Transcribe every entry word for word, leaving out all images.
*** Provided data
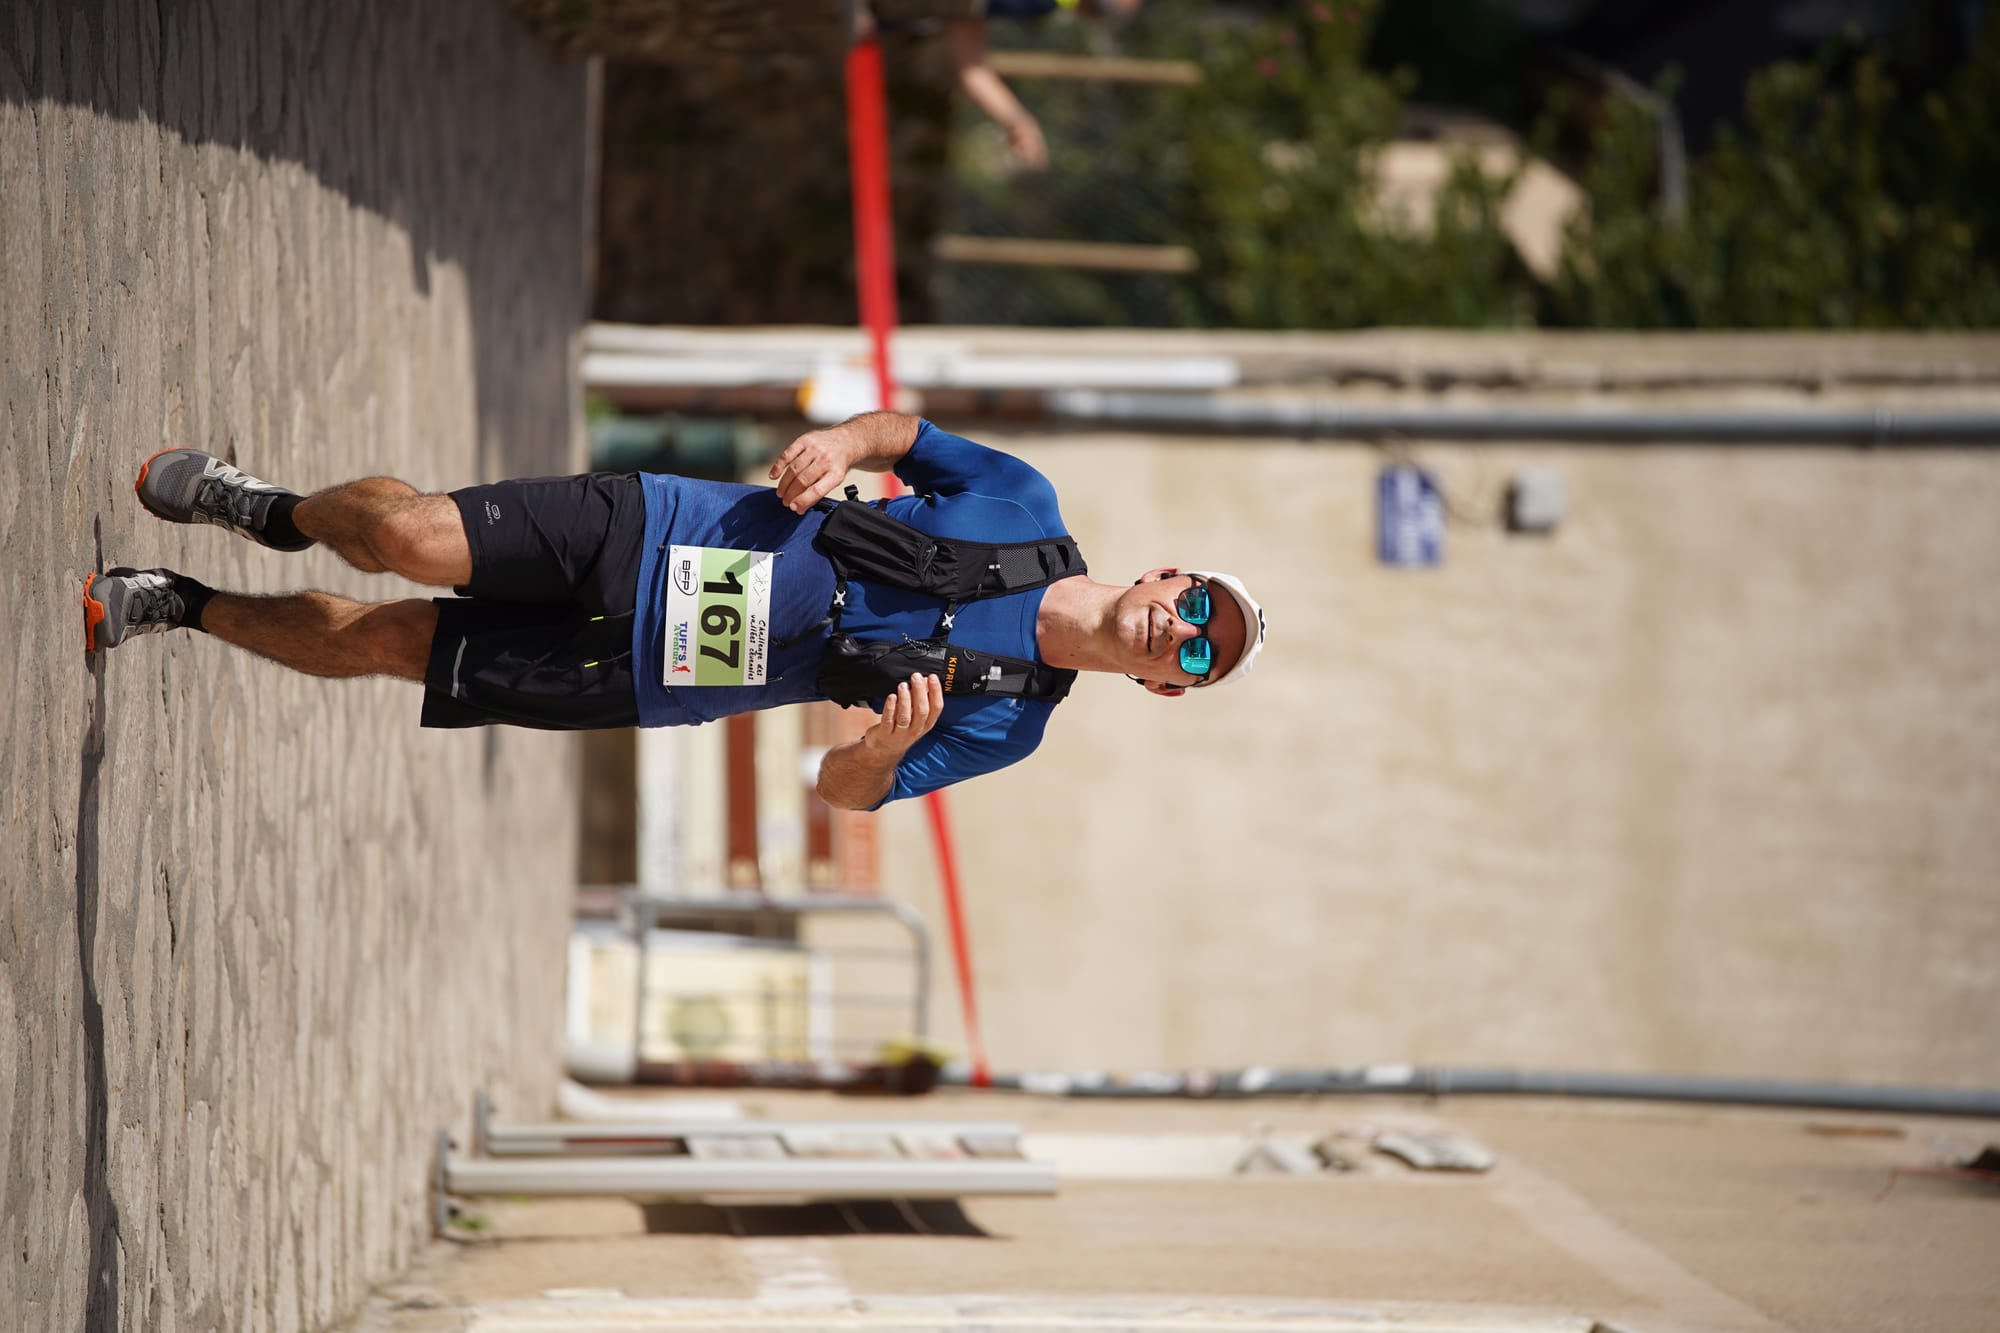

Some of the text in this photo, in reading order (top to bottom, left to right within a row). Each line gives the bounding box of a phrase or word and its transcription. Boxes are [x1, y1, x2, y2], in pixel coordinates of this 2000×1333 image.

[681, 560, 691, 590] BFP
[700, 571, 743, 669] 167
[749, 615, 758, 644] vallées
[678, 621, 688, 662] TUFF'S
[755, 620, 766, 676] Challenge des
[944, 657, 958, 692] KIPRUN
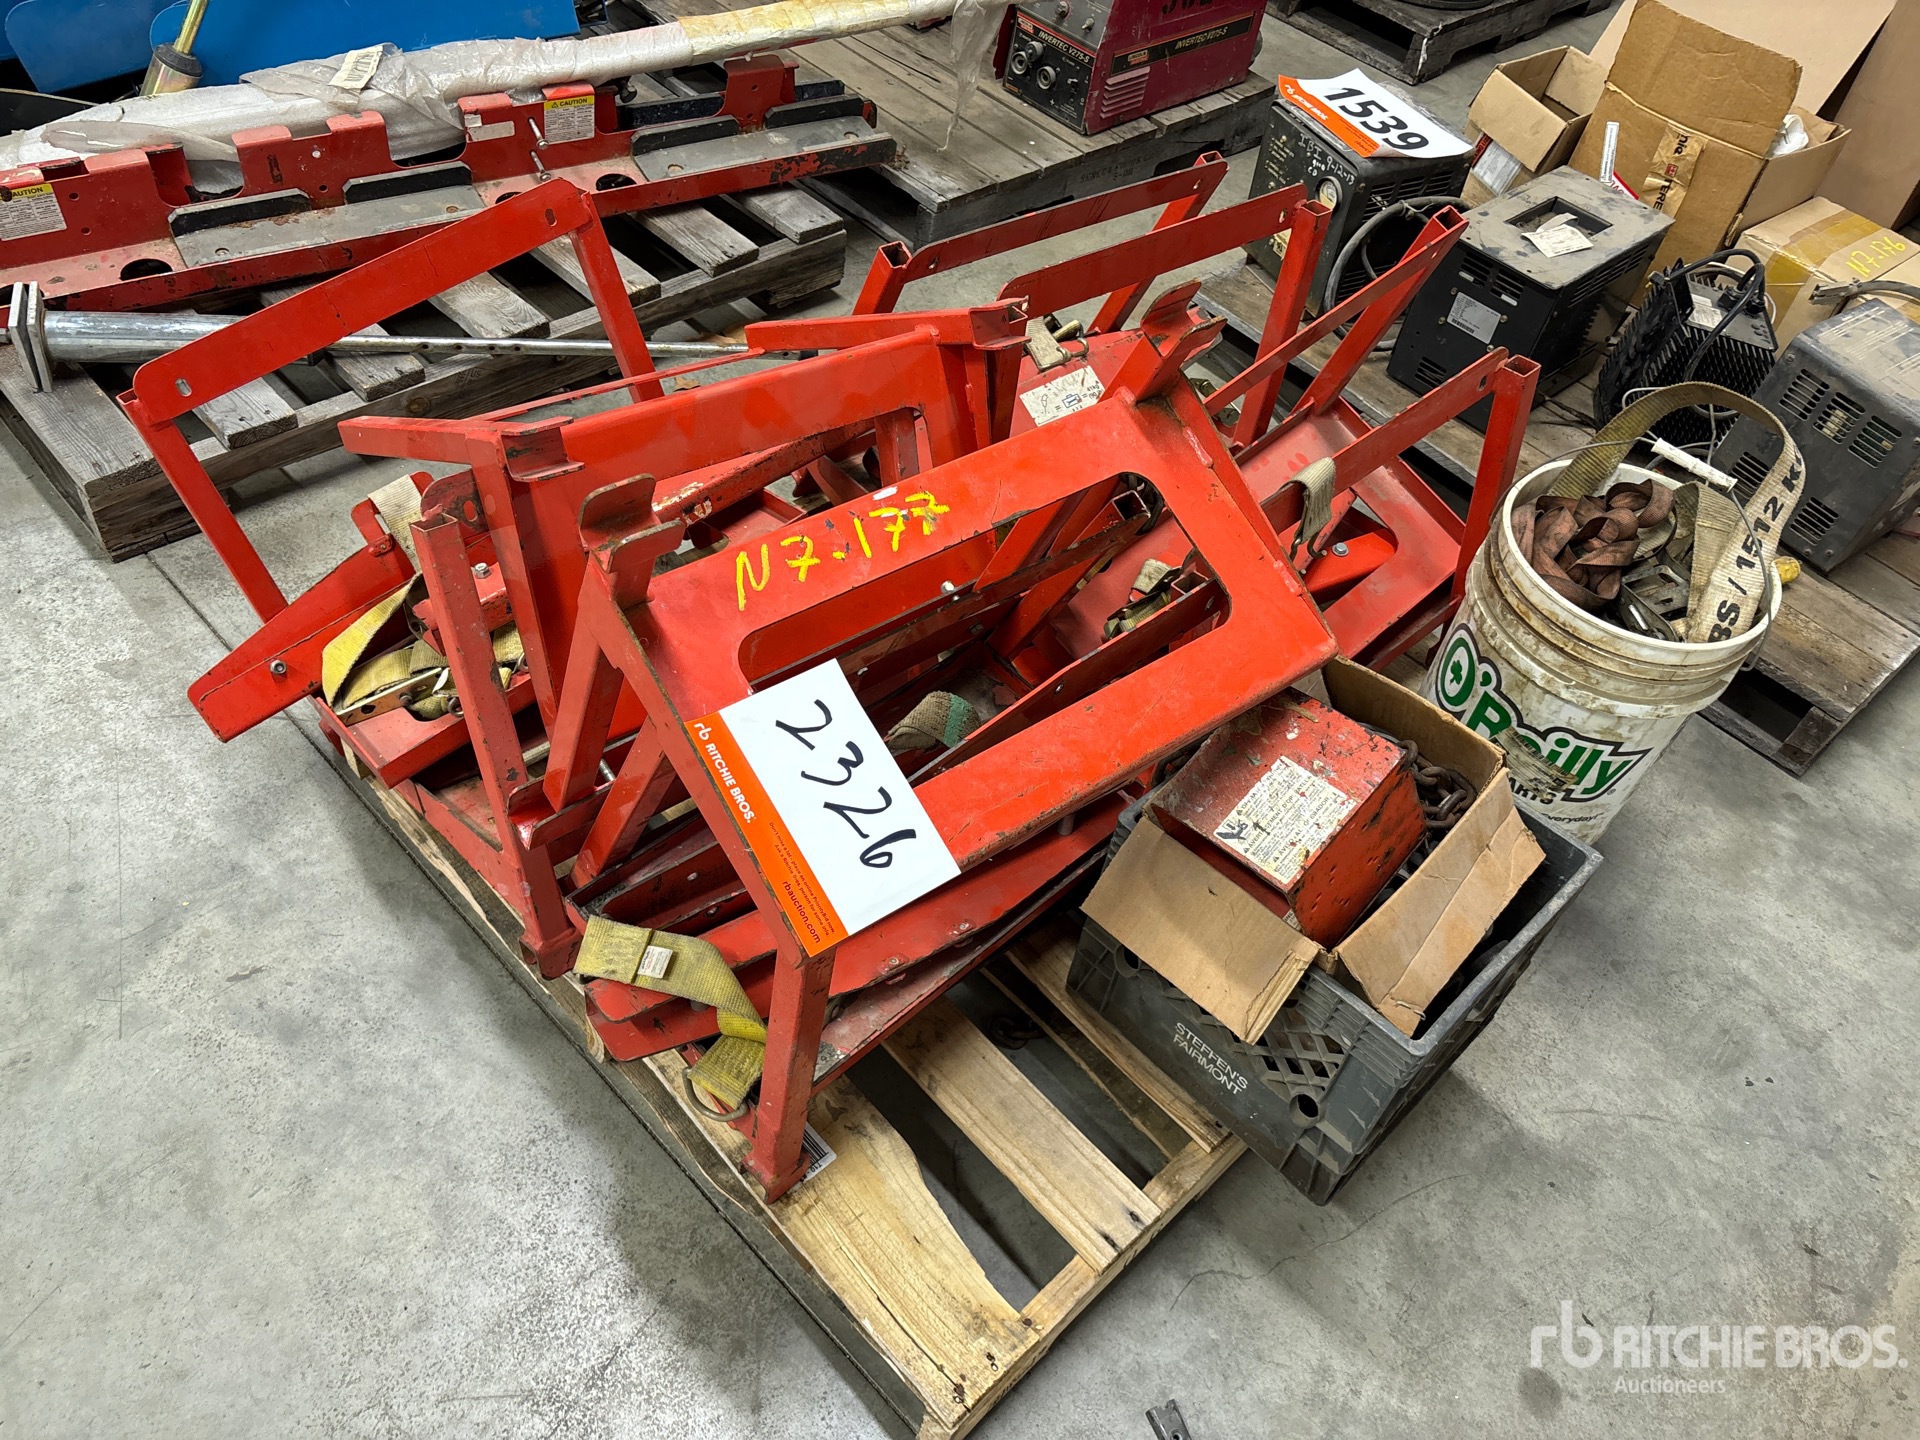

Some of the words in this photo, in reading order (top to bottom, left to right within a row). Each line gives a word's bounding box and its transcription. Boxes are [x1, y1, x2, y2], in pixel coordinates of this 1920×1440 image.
******
● **Response to this exercise**:
Some of the text in this photo, in reading order (top to bottom, left to right within a row). Each line gives the bounding box of a phrase or word and its transcription. Boxes are [x1, y1, x2, y2], in pixel coordinates of this 2000×1333 image.

[681, 560, 691, 590] BFP
[700, 571, 743, 669] 167
[749, 615, 758, 644] vallées
[678, 621, 688, 662] TUFF'S
[755, 620, 766, 676] Challenge des
[944, 657, 958, 692] KIPRUN

Some of the words in this photo, in reading order (top to bottom, left to right within a row). Each line gives a word's bounding box and its transcription. Boxes are [x1, y1, x2, y2], in pixel coordinates of this 1920×1440 image.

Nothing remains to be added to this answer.